Monday, June 16, 2014

Don't Let Mosquitoes Ruin Your Summer

One of our county services that gives us our tax dollars' worth is the Montgomery County Health Department (MCHD). If you visit their website, you'll find that they offer free flu shot clinics, rabies clinics (one coming up at the end of this month), and shingles vaccines for those over 60. There's also info on things like hepatitis and the MERS virus. They also post info about upcoming events and health alerts on their Facebook page.

Last week, they issued a notice about mosquito-borne illness. We've probably all heard about West Nile Virus, but this year, a new mosquito illness has come to the US called Chikungunya. Symptoms include fever, headache, chills, sensitivity to light, and rash, vomiting and severe joint pain. It's not fatal, but nasty nonetheless, and so far, there's no vaccine. No cases in PA yet, but 6 other states, mostly to the south, have reported it. Still, Rhode Island had 2 cases last month, and it's hit Indiana.

MCHD listed these tips for protecting yourself and your family from mosquito bites:

1. Wear light colored, loose fitting clothing.  Mosquitoes are attracted to darker colors, especially blue. (Light colors are also good for discouraging ticks.)

2. Use insect repellent. Follow the label for application. Consult a doctor with questions or concerns.
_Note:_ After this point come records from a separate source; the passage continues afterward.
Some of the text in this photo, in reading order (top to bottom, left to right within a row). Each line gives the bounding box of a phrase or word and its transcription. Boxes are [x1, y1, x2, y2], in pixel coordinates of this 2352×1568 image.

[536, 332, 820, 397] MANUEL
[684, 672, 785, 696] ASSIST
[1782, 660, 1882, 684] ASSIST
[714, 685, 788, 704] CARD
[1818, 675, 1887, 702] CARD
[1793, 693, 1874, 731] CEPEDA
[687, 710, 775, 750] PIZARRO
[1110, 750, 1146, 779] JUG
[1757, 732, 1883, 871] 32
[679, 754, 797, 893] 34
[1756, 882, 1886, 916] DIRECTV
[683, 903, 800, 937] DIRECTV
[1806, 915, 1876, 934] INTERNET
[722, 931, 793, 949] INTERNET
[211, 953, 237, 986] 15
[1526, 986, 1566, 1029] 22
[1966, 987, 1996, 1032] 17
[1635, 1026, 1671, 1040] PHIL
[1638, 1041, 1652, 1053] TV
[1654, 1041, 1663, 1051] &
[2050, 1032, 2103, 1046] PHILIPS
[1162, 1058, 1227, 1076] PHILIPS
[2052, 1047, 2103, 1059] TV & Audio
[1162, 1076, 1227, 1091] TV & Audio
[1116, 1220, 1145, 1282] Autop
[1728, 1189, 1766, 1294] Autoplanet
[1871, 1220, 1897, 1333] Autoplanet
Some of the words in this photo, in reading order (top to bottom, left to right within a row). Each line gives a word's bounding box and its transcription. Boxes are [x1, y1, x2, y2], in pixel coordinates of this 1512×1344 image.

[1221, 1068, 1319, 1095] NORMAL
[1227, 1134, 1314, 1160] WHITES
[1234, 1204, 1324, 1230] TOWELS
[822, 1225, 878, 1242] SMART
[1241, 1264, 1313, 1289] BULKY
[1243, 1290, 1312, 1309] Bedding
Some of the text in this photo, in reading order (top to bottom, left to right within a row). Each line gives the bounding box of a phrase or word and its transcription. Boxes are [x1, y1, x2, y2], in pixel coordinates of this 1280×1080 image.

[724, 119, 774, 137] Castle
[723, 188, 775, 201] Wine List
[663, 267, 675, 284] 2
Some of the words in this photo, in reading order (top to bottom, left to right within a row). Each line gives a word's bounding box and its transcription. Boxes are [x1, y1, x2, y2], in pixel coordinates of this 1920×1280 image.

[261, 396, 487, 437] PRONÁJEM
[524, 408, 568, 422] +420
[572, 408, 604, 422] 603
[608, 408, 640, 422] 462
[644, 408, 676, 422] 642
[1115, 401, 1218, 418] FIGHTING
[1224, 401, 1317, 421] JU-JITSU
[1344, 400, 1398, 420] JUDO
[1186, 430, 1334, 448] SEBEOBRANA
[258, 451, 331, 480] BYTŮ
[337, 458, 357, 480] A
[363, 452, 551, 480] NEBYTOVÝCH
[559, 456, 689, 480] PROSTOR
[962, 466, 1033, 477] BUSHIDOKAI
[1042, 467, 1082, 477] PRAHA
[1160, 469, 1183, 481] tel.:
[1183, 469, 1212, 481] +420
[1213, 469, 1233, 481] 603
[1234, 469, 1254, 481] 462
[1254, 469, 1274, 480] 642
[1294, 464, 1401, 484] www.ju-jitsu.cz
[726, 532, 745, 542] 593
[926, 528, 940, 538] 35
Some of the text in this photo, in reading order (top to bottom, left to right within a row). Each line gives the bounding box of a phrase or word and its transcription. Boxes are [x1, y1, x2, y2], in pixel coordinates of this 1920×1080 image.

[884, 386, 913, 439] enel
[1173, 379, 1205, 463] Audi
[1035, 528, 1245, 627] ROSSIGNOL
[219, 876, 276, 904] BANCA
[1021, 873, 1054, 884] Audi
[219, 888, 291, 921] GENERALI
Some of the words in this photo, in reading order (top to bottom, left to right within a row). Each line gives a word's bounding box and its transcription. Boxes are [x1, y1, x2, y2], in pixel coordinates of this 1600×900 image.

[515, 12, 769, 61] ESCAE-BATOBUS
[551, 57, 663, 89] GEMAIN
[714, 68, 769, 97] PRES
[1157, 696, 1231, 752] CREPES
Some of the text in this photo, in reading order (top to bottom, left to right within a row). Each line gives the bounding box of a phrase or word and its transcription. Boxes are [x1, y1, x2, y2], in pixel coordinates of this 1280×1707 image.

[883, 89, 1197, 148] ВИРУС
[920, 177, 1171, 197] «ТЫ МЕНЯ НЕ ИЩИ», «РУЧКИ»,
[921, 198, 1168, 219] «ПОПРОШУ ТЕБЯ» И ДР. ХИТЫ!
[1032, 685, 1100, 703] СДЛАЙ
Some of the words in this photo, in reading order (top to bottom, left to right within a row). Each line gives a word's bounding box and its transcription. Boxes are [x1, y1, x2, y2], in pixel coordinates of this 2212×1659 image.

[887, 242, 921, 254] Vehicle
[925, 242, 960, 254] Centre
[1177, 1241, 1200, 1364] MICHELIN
3. Mosquitoes need stagnant water for their eggs to develop, so dump out bird baths, kiddie pools, and anything else that holds water every three days. Mosquitoes can go through their life cycle in as little as five days when conditions are optimal. Eliminating standing water stops mosquitoes dead in their tracks.

4. Drill several holes in the bottom of recycling containers so water can drain from them. Trash containers should be covered so no rain can accumulate in them.

5. Make sure roof gutters drain properly and rooftops are free of standing water. Clogged gutters will breed mosquitoes.

6. Aerate ornamental ponds or stock them with fish.

7. Clean and chlorinate swimming pools, outdoor saunas, and hot tubs. Keep them empty and covered if not in use; drain water that collects in pool covers. A swimming pool left unmaintained for even a week can breed thousands of mosquitoes.

8. For areas that cannot be managed with the above methods, there’s always larvicide. Many of the big box stores, home improvement centers, landscaping outlets, and even some pet stores carry consumer products that can be safely used to kill mosquito larvae. Again, read and apply according to the label.

9. Educate your neighbors. If you notice that they may have some stagnant water on their property, respectfully discuss it with them. They may be unaware of the mosquito hatchery in their own backyard.

10. If all else fails, contact the Montgomery County Health Department (MCHD) and register a complaint.  Property owners are responsible for maintaining their property in a condition that does not breed mosquitoes. The same is true for publicly-owned property, so don’t forget about parks, schools, and ball fields. All complaints received will be addressed. To register a complaint, call 610-278-5117 or email

MCHD will be setting traps and running tests on mosquitoes. They'll be applying larvicides to publicly-owned mosquito breeding areas and performing adult treatments in areas where West Nile-positive mosquito populations need to be controlled. If all else fails, they've done aerial spraying in the past (usually mid- to end of summer--and they give notice when they'll be doing it), though I've noticed that Norristown is usually last of the areas to be treated.

As for West Nile, if you see dead birds or squirrels that don't have evidence of trauma, DON'T touch them. Use a shovel or the like to put them in the trash. If you see more than one dead animal or bird like this in your neighborhood in a week, don't dispose of the second one, but leave it and contact the MCHD to see if they want to do testing.